*** RECORDS PROVIDED Section Begins ***
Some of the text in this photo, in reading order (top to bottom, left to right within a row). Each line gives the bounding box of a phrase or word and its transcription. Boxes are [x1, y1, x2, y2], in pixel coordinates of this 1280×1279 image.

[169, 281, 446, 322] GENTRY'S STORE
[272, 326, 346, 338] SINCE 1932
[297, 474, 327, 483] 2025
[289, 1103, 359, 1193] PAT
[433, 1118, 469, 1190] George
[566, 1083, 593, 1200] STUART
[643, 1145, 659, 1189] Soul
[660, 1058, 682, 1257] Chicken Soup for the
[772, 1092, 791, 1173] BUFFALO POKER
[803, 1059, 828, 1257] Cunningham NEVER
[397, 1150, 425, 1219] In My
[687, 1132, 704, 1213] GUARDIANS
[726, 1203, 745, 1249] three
*** RECORDS PROVIDED Section Ends ***
» WORK INSTRUCTION
Restate each record word for word.

» EXERCISE SOLUTION
Some of the text in this photo, in reading order (top to bottom, left to right within a row). Each line gives the bounding box of a phrase or word and its transcription. Boxes are [x1, y1, x2, y2], in pixel coordinates of this 1280×1279 image.

[169, 281, 446, 322] GENTRY'S STORE
[272, 326, 346, 338] SINCE 1932
[297, 474, 327, 483] 2025
[289, 1103, 359, 1193] PAT
[433, 1118, 469, 1190] George
[566, 1083, 593, 1200] STUART
[643, 1145, 659, 1189] Soul
[660, 1058, 682, 1257] Chicken Soup for the
[772, 1092, 791, 1173] BUFFALO POKER
[803, 1059, 828, 1257] Cunningham NEVER
[397, 1150, 425, 1219] In My
[687, 1132, 704, 1213] GUARDIANS
[726, 1203, 745, 1249] three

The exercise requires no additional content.